Unleavened bread is poo-pooed because it allegedly represents haste, simplicity, inactivity and a lack of labour. All the things typically associated with a good life.
I don't know where this need to waffle on comes from, but I suspect it's the Old Testament. Lord knows, moments of apocalypse follow. But as Moses once said, if you can't stand the heat, get the *^(^(&%^&* away from the oven you idiot.
The poets also assert that because unleavened bread has no "starter" from yesterday, it has no past.
But living in the present, it probably won't matter because the rookie will probably struggle to work out what bread they make once the furnace fires up.
When considered from an anthropological point of view, baking bread would have to be one of the most laborious ways devised to source carbohydrates.
It's a mystery how people didn't starve before dinner was served.
Other cultures at least cut to the chase.
In Asia, for example, they used rice. It grew, you cooked it, you ate it.
In Latin America you had corn. It grew, you gobbed it off the cob, or if someone got fancy pants, the taco shell was born. Ariba.
But to make bread you have to grow grain, which, unless you're a cow, is reasonably inedible.
Then someone has to grind it into a sticky paste that gets all over your fingers. Then someone has to put something rotten in it.
Then some bright spark has to invent fire, which the poor person who has the task of grinding the sticky paste eventually throws into the fire in frustration.
Least, that's what I did. And then by some freaking miracle, the sandwich is born, if you can cut it, usually with a chainsaw.

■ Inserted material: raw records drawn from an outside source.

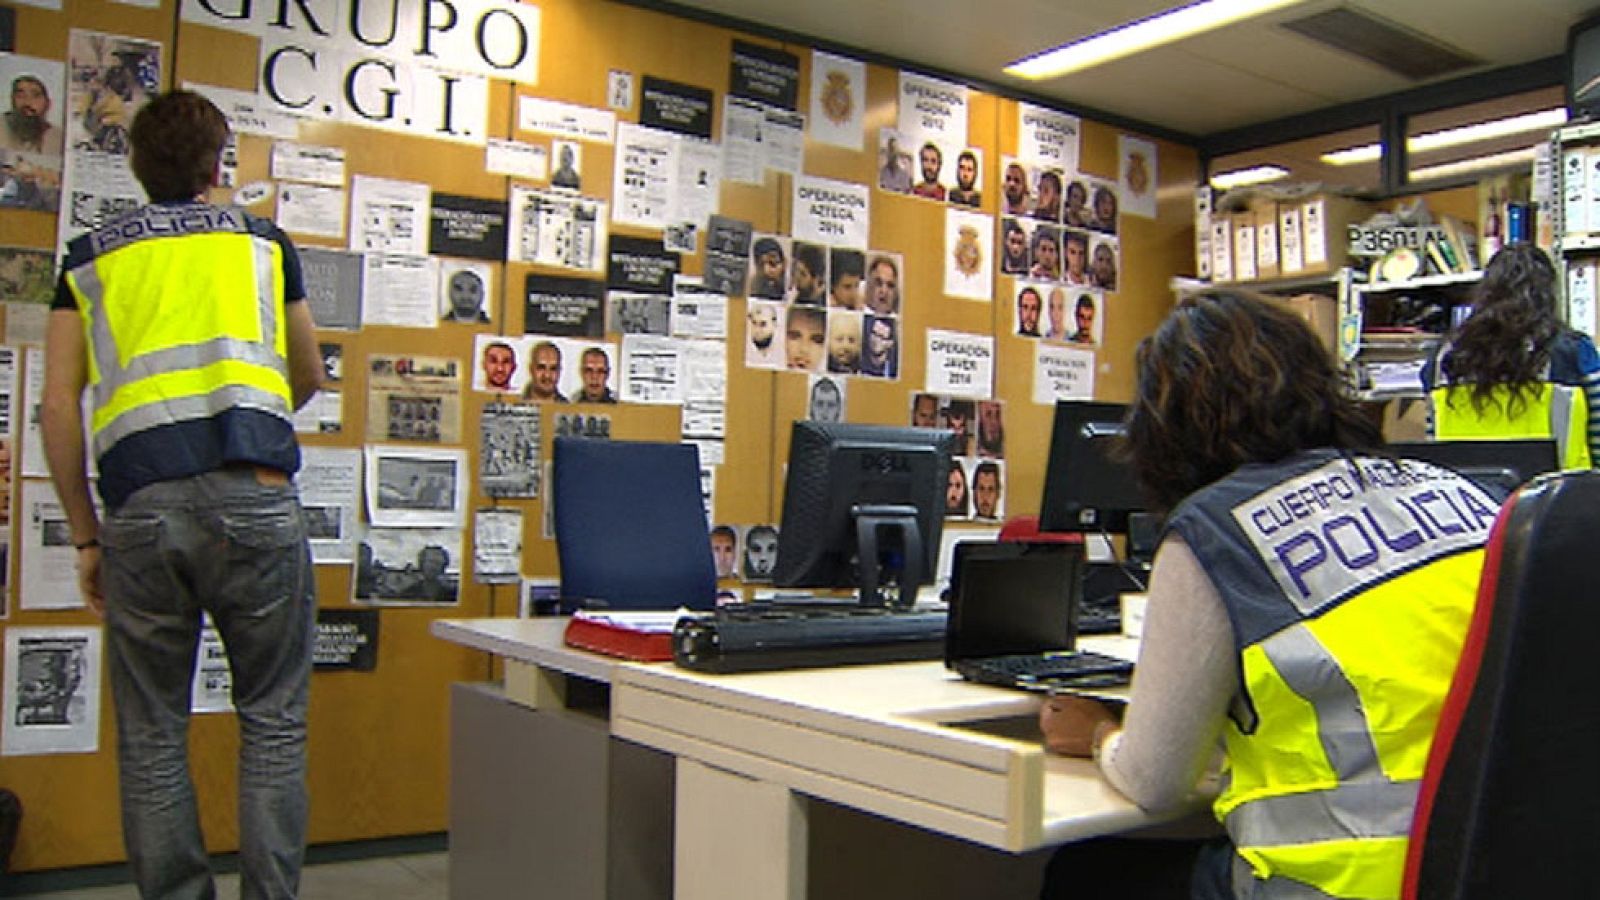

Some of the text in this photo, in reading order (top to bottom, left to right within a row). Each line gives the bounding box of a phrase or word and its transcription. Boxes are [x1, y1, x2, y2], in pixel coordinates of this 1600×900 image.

[263, 46, 473, 135] C.G.I.
[98, 209, 240, 249] POLICIA
[810, 204, 855, 222] AZTECA
[1252, 475, 1354, 536] CUERPO
[1274, 485, 1498, 599] POLICIA
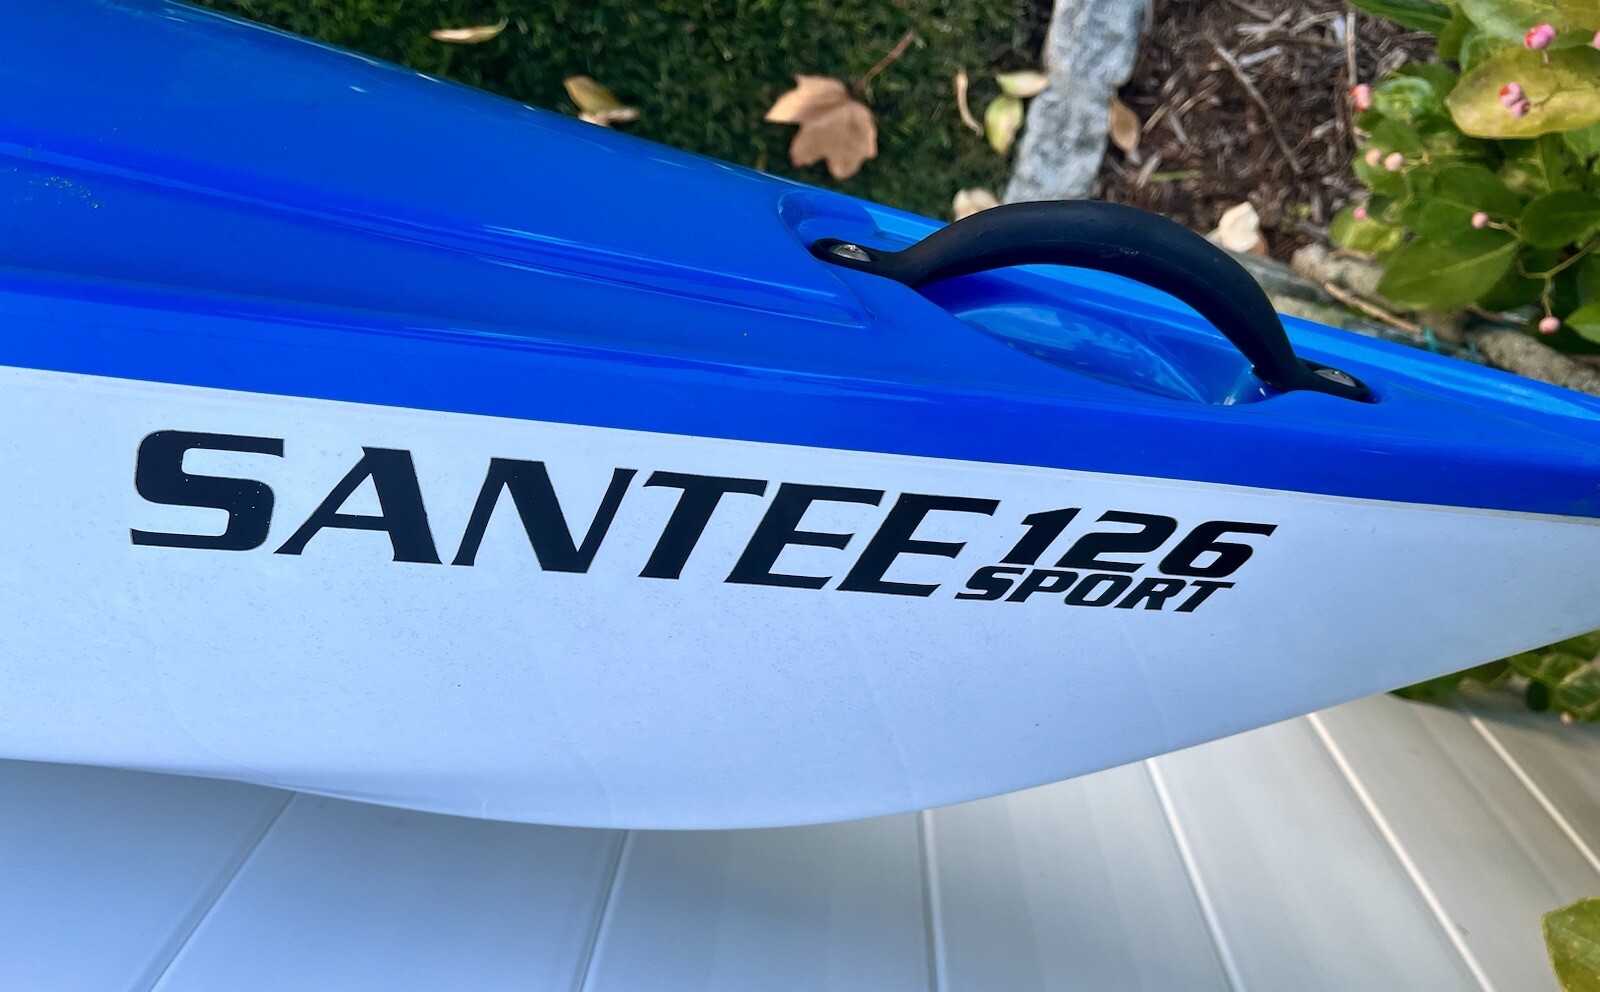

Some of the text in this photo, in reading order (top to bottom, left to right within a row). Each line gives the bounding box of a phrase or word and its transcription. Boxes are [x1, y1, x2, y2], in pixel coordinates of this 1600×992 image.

[130, 429, 1278, 598] SANTEE 126
[954, 565, 1236, 613] SPORT

That's all ancient history now I suppose. Very dodgy ancient history.
Ultimately baking bread can be quite a sticky challenge to rise to, let alone scrape off your fingers and benchtop.
What you aim for is a nice crust and a soft interior. A bit like your grandpa.
Issues with taste can be solved in the traditional manner, with loads of salt and sugar. Just like grandpa did.
And from there you're just one step away from true actualisation - making scones with lemonade.